**Raw data:**
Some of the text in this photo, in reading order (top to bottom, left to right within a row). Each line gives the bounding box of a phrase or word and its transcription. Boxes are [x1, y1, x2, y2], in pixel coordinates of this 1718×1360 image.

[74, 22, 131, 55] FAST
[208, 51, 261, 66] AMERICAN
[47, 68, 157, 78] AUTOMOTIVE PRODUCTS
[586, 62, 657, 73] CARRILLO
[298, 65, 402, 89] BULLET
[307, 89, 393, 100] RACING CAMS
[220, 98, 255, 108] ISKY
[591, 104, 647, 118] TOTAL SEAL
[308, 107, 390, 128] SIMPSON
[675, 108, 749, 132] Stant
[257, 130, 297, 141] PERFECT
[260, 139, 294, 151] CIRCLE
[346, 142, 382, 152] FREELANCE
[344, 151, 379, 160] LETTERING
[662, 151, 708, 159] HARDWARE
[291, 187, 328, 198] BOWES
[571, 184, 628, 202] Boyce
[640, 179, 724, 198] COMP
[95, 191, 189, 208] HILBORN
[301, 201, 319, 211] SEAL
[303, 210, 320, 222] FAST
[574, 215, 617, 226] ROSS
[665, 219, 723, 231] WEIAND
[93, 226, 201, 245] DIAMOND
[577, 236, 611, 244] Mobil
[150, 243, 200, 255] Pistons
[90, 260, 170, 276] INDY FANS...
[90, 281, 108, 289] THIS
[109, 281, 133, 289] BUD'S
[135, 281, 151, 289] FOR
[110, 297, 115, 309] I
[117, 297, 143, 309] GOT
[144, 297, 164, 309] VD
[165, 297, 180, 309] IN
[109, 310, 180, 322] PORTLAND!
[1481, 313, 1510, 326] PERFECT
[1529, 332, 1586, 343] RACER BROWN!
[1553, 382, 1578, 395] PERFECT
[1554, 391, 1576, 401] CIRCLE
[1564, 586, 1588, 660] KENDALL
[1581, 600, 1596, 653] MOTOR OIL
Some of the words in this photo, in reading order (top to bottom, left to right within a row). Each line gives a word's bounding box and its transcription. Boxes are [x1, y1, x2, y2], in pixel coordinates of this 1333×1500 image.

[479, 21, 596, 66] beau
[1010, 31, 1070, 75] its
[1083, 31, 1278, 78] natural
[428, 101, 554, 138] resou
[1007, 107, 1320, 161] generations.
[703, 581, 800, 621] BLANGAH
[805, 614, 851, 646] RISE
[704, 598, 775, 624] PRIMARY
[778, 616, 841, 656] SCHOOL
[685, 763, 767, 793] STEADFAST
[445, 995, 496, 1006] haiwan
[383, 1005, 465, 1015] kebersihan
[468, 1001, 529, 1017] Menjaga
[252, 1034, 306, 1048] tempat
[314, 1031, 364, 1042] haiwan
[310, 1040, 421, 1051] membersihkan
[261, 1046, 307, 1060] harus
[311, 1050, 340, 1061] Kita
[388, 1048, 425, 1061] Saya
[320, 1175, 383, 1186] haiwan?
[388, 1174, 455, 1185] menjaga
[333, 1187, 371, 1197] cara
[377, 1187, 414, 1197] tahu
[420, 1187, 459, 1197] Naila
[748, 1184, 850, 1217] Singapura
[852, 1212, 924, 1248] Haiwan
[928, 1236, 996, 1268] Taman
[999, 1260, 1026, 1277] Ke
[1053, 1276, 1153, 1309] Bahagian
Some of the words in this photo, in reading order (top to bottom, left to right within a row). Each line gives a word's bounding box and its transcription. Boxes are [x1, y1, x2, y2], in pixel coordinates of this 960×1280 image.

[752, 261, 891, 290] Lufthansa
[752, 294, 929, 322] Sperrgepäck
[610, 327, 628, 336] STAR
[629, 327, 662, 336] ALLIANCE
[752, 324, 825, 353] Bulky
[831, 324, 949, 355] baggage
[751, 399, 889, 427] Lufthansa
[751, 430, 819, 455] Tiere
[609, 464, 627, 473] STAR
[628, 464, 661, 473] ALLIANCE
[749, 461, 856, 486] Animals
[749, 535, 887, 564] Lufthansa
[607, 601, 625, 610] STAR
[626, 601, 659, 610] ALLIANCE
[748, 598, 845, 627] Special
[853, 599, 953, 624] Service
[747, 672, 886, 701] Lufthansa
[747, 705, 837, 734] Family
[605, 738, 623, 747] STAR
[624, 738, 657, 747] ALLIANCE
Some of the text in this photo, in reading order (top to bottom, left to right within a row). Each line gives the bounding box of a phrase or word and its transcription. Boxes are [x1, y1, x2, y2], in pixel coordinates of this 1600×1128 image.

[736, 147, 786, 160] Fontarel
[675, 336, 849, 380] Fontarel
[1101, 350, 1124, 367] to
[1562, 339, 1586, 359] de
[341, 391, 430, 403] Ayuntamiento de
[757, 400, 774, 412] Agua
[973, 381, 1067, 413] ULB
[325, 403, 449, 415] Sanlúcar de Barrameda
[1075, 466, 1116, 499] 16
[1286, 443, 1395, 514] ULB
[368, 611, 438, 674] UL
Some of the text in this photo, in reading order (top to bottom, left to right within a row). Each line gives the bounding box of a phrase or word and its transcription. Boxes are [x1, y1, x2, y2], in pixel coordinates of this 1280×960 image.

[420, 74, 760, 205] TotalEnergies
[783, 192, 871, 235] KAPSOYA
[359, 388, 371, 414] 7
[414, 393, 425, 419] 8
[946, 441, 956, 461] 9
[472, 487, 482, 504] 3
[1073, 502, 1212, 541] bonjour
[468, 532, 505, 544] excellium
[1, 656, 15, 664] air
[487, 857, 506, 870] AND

**Task objective:**
Return an exact copy of the listing above, complete in every line.

**Answer box:**
Some of the text in this photo, in reading order (top to bottom, left to right within a row). Each line gives the bounding box of a phrase or word and its transcription. Boxes are [x1, y1, x2, y2], in pixel coordinates of this 1718×1360 image.

[74, 22, 131, 55] FAST
[208, 51, 261, 66] AMERICAN
[47, 68, 157, 78] AUTOMOTIVE PRODUCTS
[586, 62, 657, 73] CARRILLO
[298, 65, 402, 89] BULLET
[307, 89, 393, 100] RACING CAMS
[220, 98, 255, 108] ISKY
[591, 104, 647, 118] TOTAL SEAL
[308, 107, 390, 128] SIMPSON
[675, 108, 749, 132] Stant
[257, 130, 297, 141] PERFECT
[260, 139, 294, 151] CIRCLE
[346, 142, 382, 152] FREELANCE
[344, 151, 379, 160] LETTERING
[662, 151, 708, 159] HARDWARE
[291, 187, 328, 198] BOWES
[571, 184, 628, 202] Boyce
[640, 179, 724, 198] COMP
[95, 191, 189, 208] HILBORN
[301, 201, 319, 211] SEAL
[303, 210, 320, 222] FAST
[574, 215, 617, 226] ROSS
[665, 219, 723, 231] WEIAND
[93, 226, 201, 245] DIAMOND
[577, 236, 611, 244] Mobil
[150, 243, 200, 255] Pistons
[90, 260, 170, 276] INDY FANS...
[90, 281, 108, 289] THIS
[109, 281, 133, 289] BUD'S
[135, 281, 151, 289] FOR
[110, 297, 115, 309] I
[117, 297, 143, 309] GOT
[144, 297, 164, 309] VD
[165, 297, 180, 309] IN
[109, 310, 180, 322] PORTLAND!
[1481, 313, 1510, 326] PERFECT
[1529, 332, 1586, 343] RACER BROWN!
[1553, 382, 1578, 395] PERFECT
[1554, 391, 1576, 401] CIRCLE
[1564, 586, 1588, 660] KENDALL
[1581, 600, 1596, 653] MOTOR OIL
Some of the words in this photo, in reading order (top to bottom, left to right within a row). Each line gives a word's bounding box and its transcription. Boxes are [x1, y1, x2, y2], in pixel coordinates of this 1333×1500 image.

[479, 21, 596, 66] beau
[1010, 31, 1070, 75] its
[1083, 31, 1278, 78] natural
[428, 101, 554, 138] resou
[1007, 107, 1320, 161] generations.
[703, 581, 800, 621] BLANGAH
[805, 614, 851, 646] RISE
[704, 598, 775, 624] PRIMARY
[778, 616, 841, 656] SCHOOL
[685, 763, 767, 793] STEADFAST
[445, 995, 496, 1006] haiwan
[383, 1005, 465, 1015] kebersihan
[468, 1001, 529, 1017] Menjaga
[252, 1034, 306, 1048] tempat
[314, 1031, 364, 1042] haiwan
[310, 1040, 421, 1051] membersihkan
[261, 1046, 307, 1060] harus
[311, 1050, 340, 1061] Kita
[388, 1048, 425, 1061] Saya
[320, 1175, 383, 1186] haiwan?
[388, 1174, 455, 1185] menjaga
[333, 1187, 371, 1197] cara
[377, 1187, 414, 1197] tahu
[420, 1187, 459, 1197] Naila
[748, 1184, 850, 1217] Singapura
[852, 1212, 924, 1248] Haiwan
[928, 1236, 996, 1268] Taman
[999, 1260, 1026, 1277] Ke
[1053, 1276, 1153, 1309] Bahagian
Some of the words in this photo, in reading order (top to bottom, left to right within a row). Each line gives a word's bounding box and its transcription. Boxes are [x1, y1, x2, y2], in pixel coordinates of this 960×1280 image.

[752, 261, 891, 290] Lufthansa
[752, 294, 929, 322] Sperrgepäck
[610, 327, 628, 336] STAR
[629, 327, 662, 336] ALLIANCE
[752, 324, 825, 353] Bulky
[831, 324, 949, 355] baggage
[751, 399, 889, 427] Lufthansa
[751, 430, 819, 455] Tiere
[609, 464, 627, 473] STAR
[628, 464, 661, 473] ALLIANCE
[749, 461, 856, 486] Animals
[749, 535, 887, 564] Lufthansa
[607, 601, 625, 610] STAR
[626, 601, 659, 610] ALLIANCE
[748, 598, 845, 627] Special
[853, 599, 953, 624] Service
[747, 672, 886, 701] Lufthansa
[747, 705, 837, 734] Family
[605, 738, 623, 747] STAR
[624, 738, 657, 747] ALLIANCE
Some of the text in this photo, in reading order (top to bottom, left to right within a row). Each line gives the bounding box of a phrase or word and its transcription. Boxes are [x1, y1, x2, y2], in pixel coordinates of this 1600×1128 image.

[736, 147, 786, 160] Fontarel
[675, 336, 849, 380] Fontarel
[1101, 350, 1124, 367] to
[1562, 339, 1586, 359] de
[341, 391, 430, 403] Ayuntamiento de
[757, 400, 774, 412] Agua
[973, 381, 1067, 413] ULB
[325, 403, 449, 415] Sanlúcar de Barrameda
[1075, 466, 1116, 499] 16
[1286, 443, 1395, 514] ULB
[368, 611, 438, 674] UL
Some of the text in this photo, in reading order (top to bottom, left to right within a row). Each line gives the bounding box of a phrase or word and its transcription. Boxes are [x1, y1, x2, y2], in pixel coordinates of this 1280×960 image.

[420, 74, 760, 205] TotalEnergies
[783, 192, 871, 235] KAPSOYA
[359, 388, 371, 414] 7
[414, 393, 425, 419] 8
[946, 441, 956, 461] 9
[472, 487, 482, 504] 3
[1073, 502, 1212, 541] bonjour
[468, 532, 505, 544] excellium
[1, 656, 15, 664] air
[487, 857, 506, 870] AND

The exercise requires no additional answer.